Monday, February 10, 2014

Jews of the German Rhineland-including Worms

Nadene Goldfoot                                                                    

                             The Bridge at Worms, Germany, probably built in Roman days

Archaeological evidence shows that Jews were in what we call Germany today during the Roman Period.  It is surmised that Jewish soldiers served in the Roman garrisons.  Barbarians invaded the area and whether these communities were able to continued during that period is unknown.  We do know that in 321 CE, Emperor Constantine issued regulation indicating an organized Jewish community with rabbis and elders were living in Cologne, which was in the Rhineland.  They most likely settled in other places as well near-by.                                                                            
When we hear the word, "Rhineland," we think of Germany,  but it has a controversial history.  The French word for it is Rhenanie. Originally it was lying in western Germany  It lies east of Germany's border with France, Luxembourg and Belgium and the Netherlands.  It is on both banks of the middle Rhine River..  The Rhineland extends from the northern borders of the French departements of Moselle and Bas-Rhin over the German Lander states of the Saarland and Rhineland Palatinate and into NW Baden-Wurttemberg, western Hesse, and SW North Rhine--Westphalia.  Rabbi Solomon Yitzhaki, otherwise known as RASHI, was born 1040 in Troyes, France and studied in the Rhineland.
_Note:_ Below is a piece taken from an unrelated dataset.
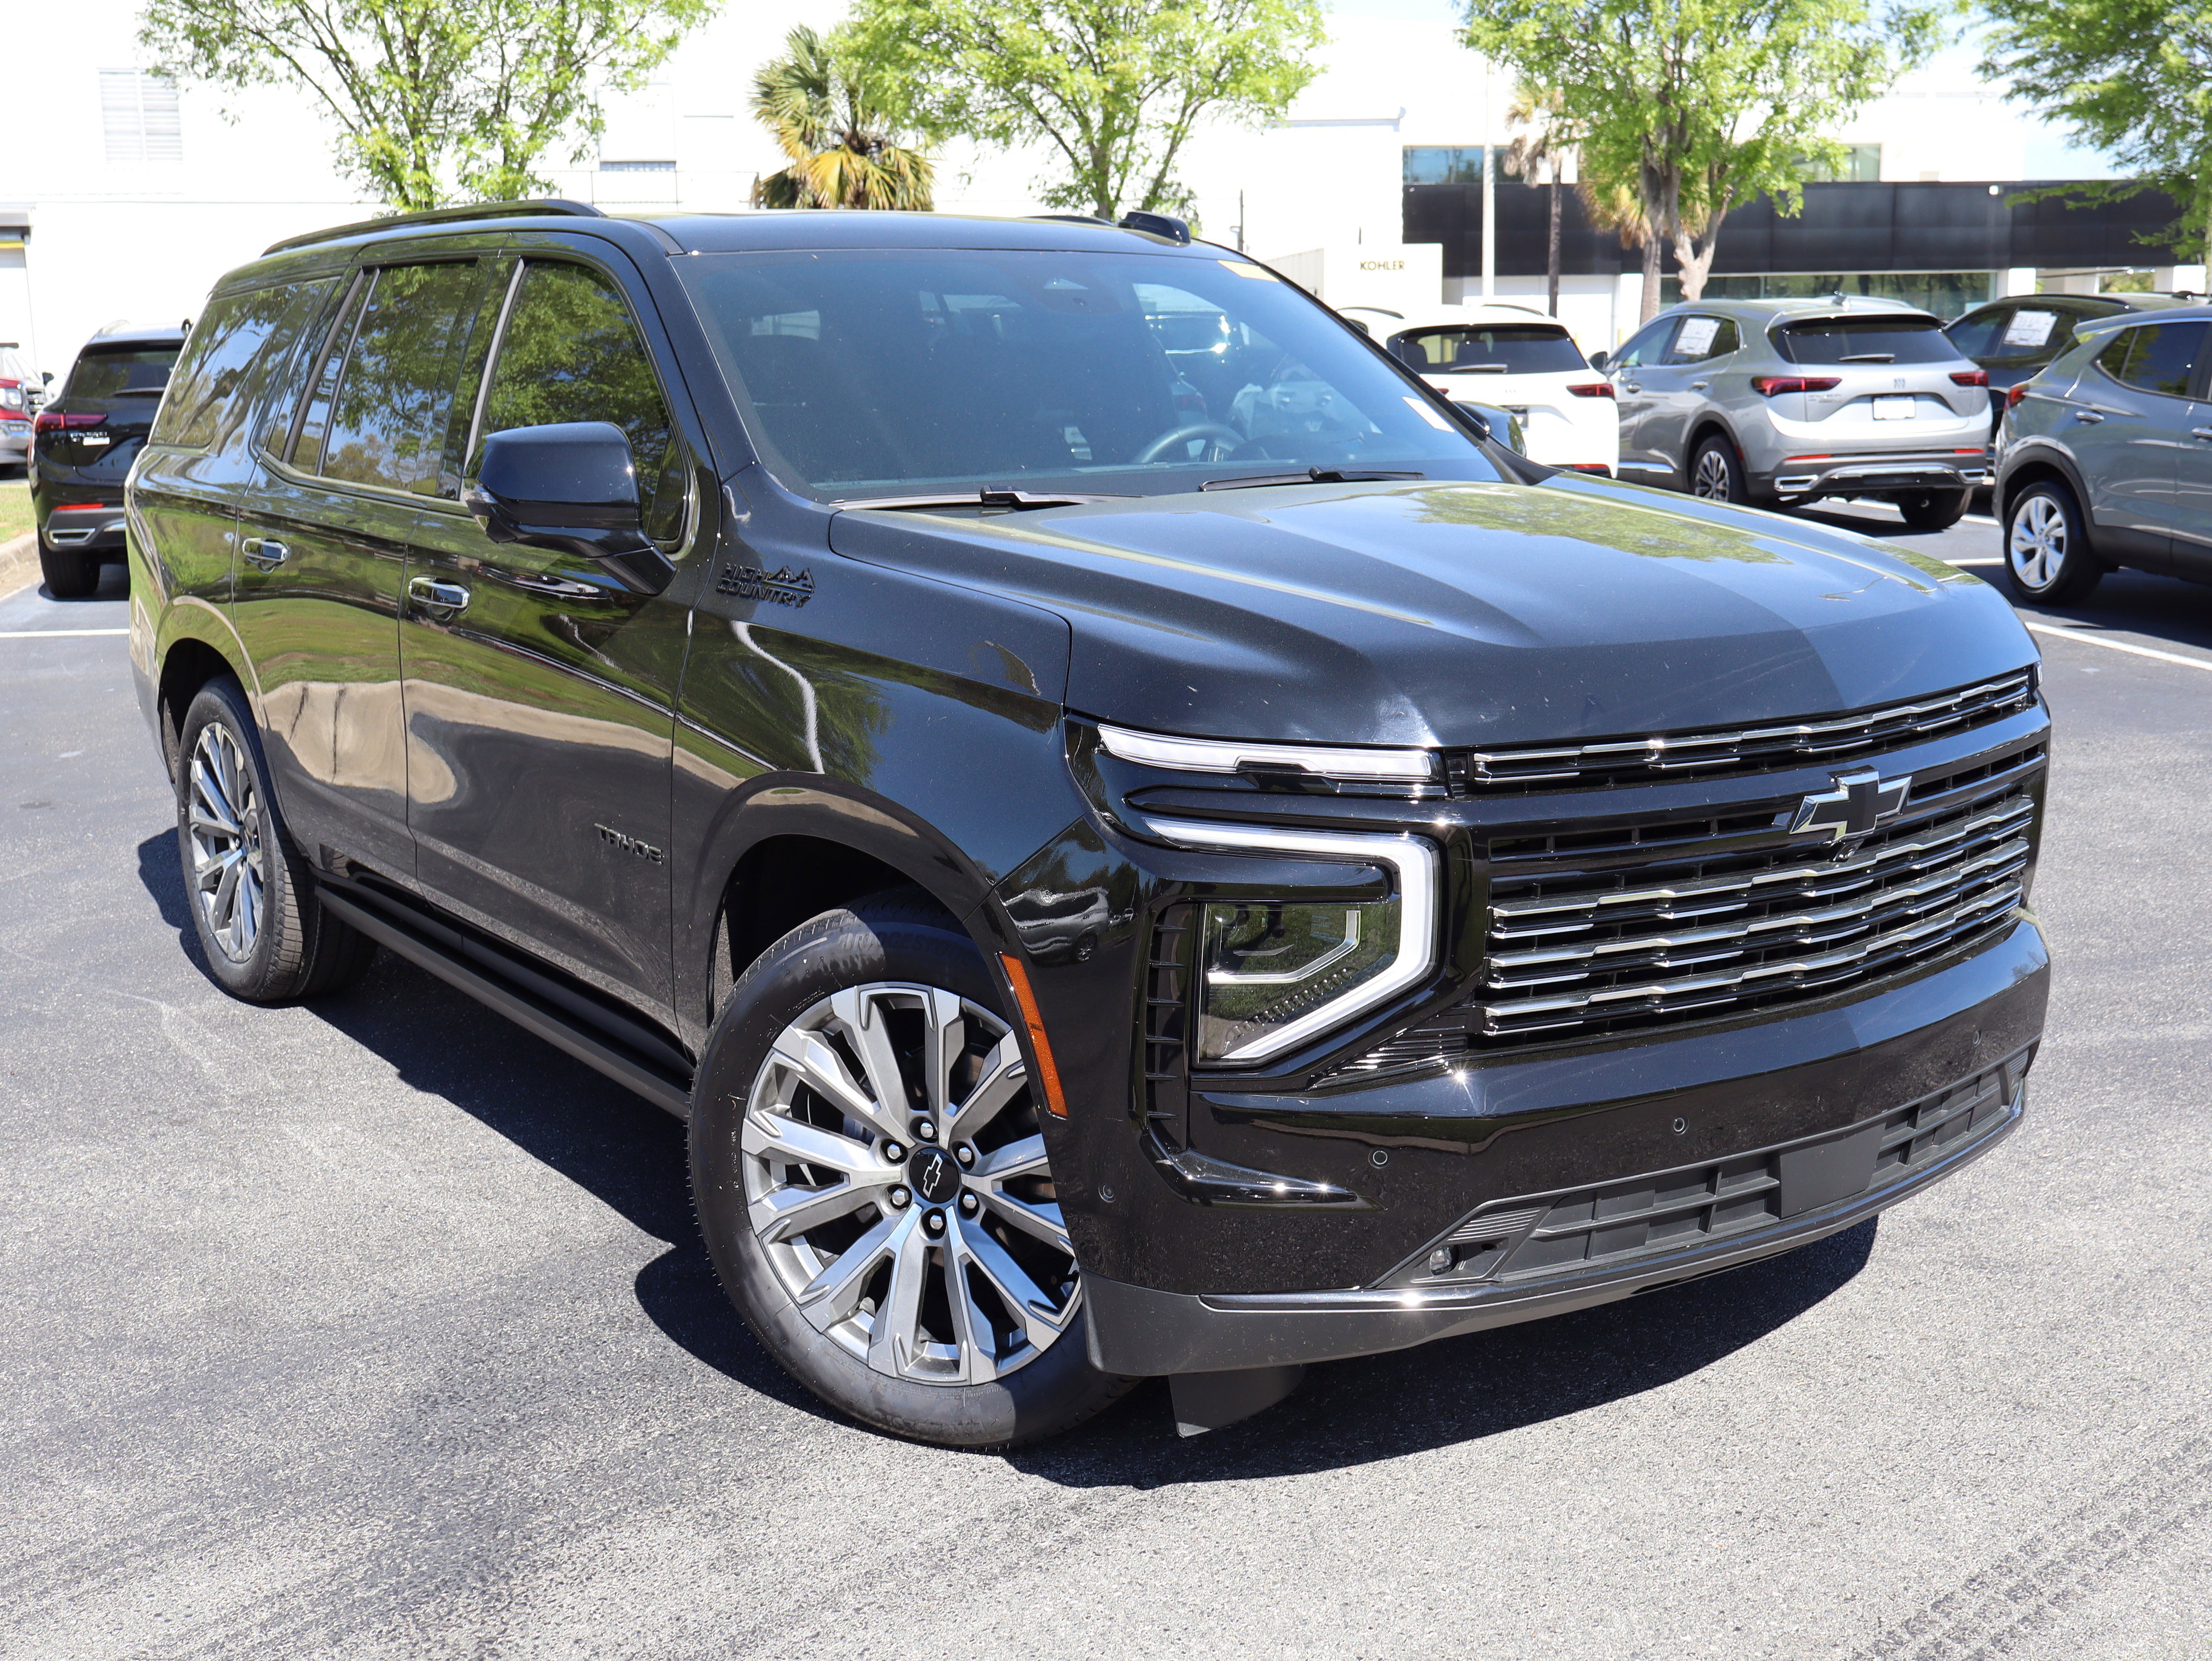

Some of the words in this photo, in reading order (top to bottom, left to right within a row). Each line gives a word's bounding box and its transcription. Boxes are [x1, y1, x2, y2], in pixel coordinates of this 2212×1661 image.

Another famous Jew was Eleazar ben Judah of Worms, known to us as the Rabbi of Worms,  who was born in 1160 in Mainz, Franconia, Germany.  His writings are of " the major extant documents of medieval German Ḥasidism (an ultrapious sect that stressed prayer and mysticism)."  He died in Worms in 1238 at the age of 78.  
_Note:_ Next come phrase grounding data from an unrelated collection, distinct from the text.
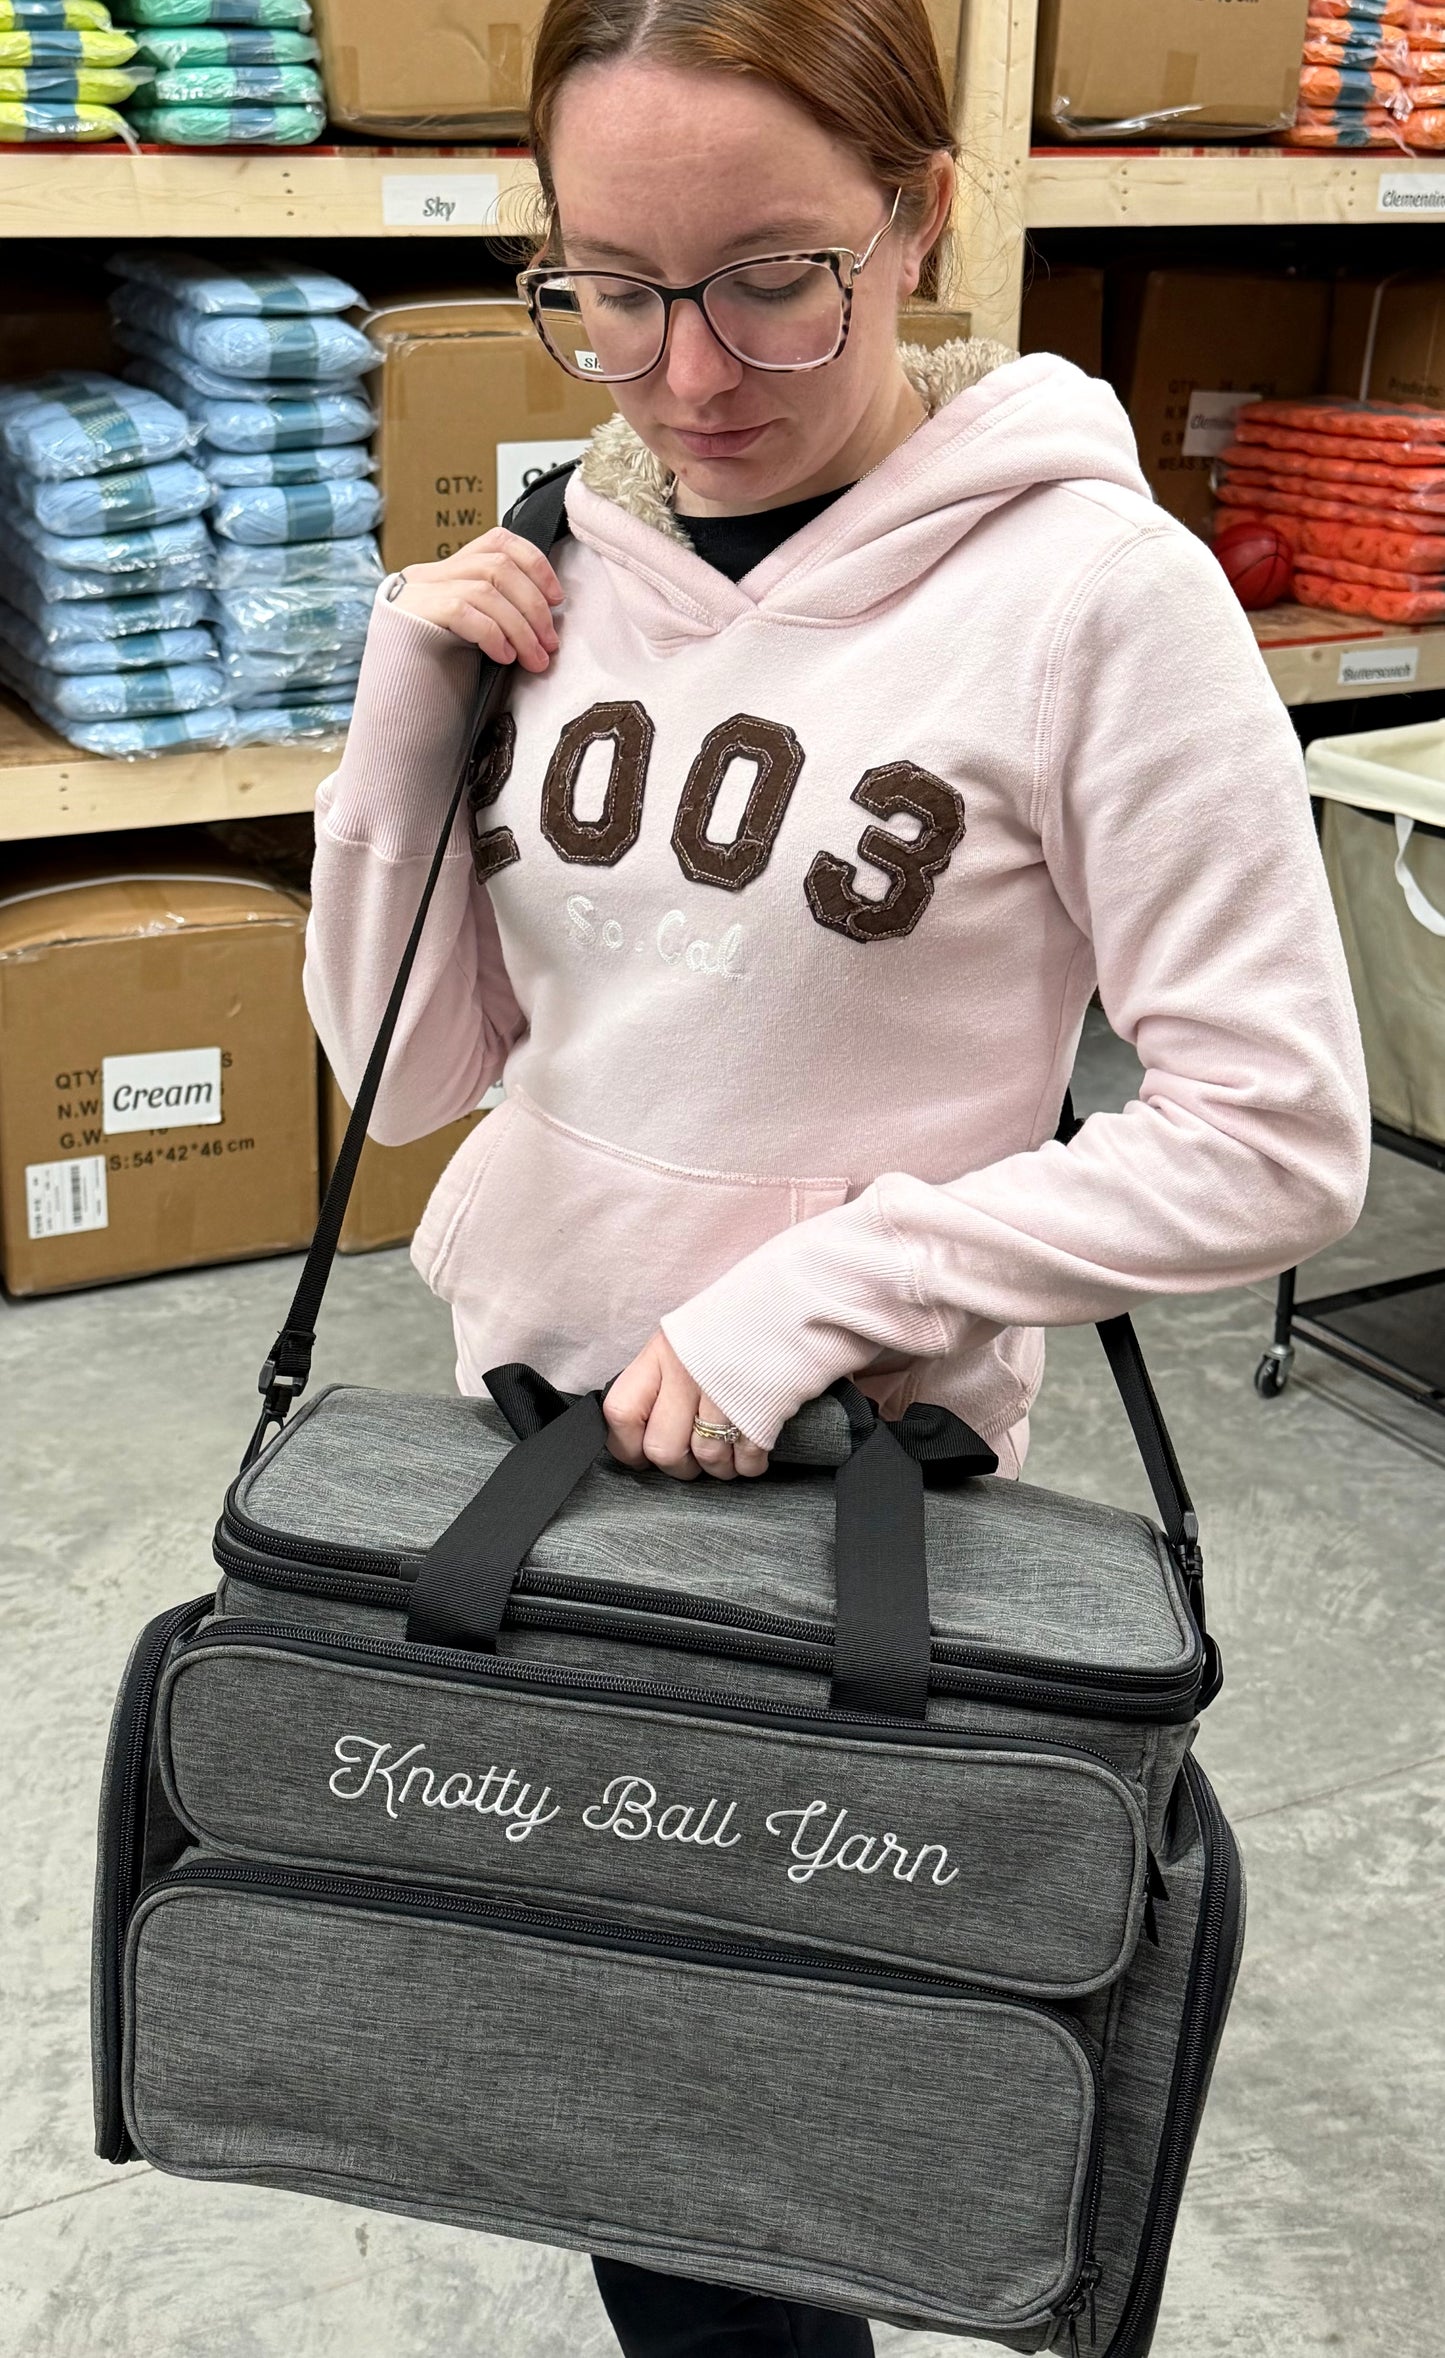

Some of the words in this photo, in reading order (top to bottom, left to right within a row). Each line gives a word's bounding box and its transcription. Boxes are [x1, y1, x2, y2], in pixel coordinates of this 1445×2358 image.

[422, 196, 456, 222] Sky
[435, 475, 483, 495] QTY:
[435, 508, 483, 528] N.W:
[112, 1083, 213, 1113] Cream
[227, 1138, 255, 1152] cm
[329, 1735, 559, 1843] Knotty
[582, 1775, 741, 1848] Ball
[766, 1799, 960, 1886] Yarn
Along this middle Rhine River are hills that are between Mainz and Bonn.  The hilly area is where they grow grapes and this business of wine-growing country has supported small towns and villages for centuries.  Along here one would find castles that used to house the lords and the many monasteries.  North of Bonn the land changes and turns into the great northern European plain that leads to the North Sea.  It is along this lower Rhine regions that industry has developed.

In ancient Roman times is served as a buffer zone between Gaul and the Germanic peoples to the east.  The Rhineland was later a part of the Frankish kingdom of Austrasia.  Then the Rhineland was divided among the duchies of Lorraine into Upper and Lower Lorraine, Saxony, Franconia, and Swabia.  during the late European Middle Ages, the Rhineland became the seat of many principalities including the bishoprics of Worms.
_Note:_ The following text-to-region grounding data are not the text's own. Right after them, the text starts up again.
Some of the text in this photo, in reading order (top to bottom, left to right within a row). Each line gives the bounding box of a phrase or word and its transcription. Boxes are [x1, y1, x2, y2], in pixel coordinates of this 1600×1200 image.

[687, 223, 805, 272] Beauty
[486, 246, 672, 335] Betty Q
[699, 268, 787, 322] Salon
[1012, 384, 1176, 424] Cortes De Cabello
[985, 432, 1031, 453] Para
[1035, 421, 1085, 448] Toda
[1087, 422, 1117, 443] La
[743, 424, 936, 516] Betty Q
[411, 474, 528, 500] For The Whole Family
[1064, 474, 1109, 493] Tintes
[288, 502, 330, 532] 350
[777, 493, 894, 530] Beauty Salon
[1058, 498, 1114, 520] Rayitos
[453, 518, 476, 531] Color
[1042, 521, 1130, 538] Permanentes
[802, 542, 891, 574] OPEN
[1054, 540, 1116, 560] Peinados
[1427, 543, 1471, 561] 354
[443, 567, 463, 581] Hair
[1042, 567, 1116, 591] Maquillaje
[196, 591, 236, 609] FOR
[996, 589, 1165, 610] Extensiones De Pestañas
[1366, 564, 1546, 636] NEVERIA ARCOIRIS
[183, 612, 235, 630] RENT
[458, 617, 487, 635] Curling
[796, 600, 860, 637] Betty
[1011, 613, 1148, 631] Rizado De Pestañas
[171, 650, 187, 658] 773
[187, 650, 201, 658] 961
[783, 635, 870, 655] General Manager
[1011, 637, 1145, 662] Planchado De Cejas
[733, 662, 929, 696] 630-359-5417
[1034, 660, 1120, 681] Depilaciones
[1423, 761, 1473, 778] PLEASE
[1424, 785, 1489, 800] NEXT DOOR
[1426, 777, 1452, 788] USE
In the 8th and 9th centuries, the Carolingian royal house adopted a pro-Jewish policy and encouraged the settlement of Jews in its land with the object of developing trade.  New Jewish communities sprang up in commercial centers.  They were found in the 9th century in Augsburg and Metz.  In the 10th century they were found in Worms, Mainz, Magdeburg, Ratisbon, and other places.  The densest settlement was in the Rhineland of Mainz, Speyer, Worms, and Cologne.  This is where intellectual life developed in the 11th century under Franco-Jewish influence.
Persecutions took place against Jews in 1012.  In 1096 the German Crusaders massacred the Jews throughout the Rhineland and neighboring places as they rode through Europe on their way to Jerusalem to kill the Muslims.  The moral atmosphere had changed and became a place of unrest in Germany with Jews being attacked.  All this drove Jews out of being traders and into moneylending.

Massacres in 1298 were brought on by Rindfleisch, a knight.  The massacres of 1336 were led by leather-jerkined fanatics nicknamed Armleder.  Massacres of 1348/49 happened at the time of the Black Death when Jews were accused of deliberately spreading.  They turned into extreme barbarism.  Over 350 Jewish communities suffered from these atrocities.  Over 200 communities were completely wiped out.  From 1350 to 1400, the survivors were kept  impoverished by the imperial authorities' cancellation of the debts due to them.  Though the Jews became as poor as (pardon the expression) church mice, their intellectual curiosity and work ethic kept them into Talmudic study, which was their Jewish intellectual life.  Individual Jews worked in other aspects of German life.  At the end of the Middle Ages, most of the larger German cities banished Jews again.  After the beginning of the 16th century, the only communities that were important left were those of Frankfort-on-Main and Worms.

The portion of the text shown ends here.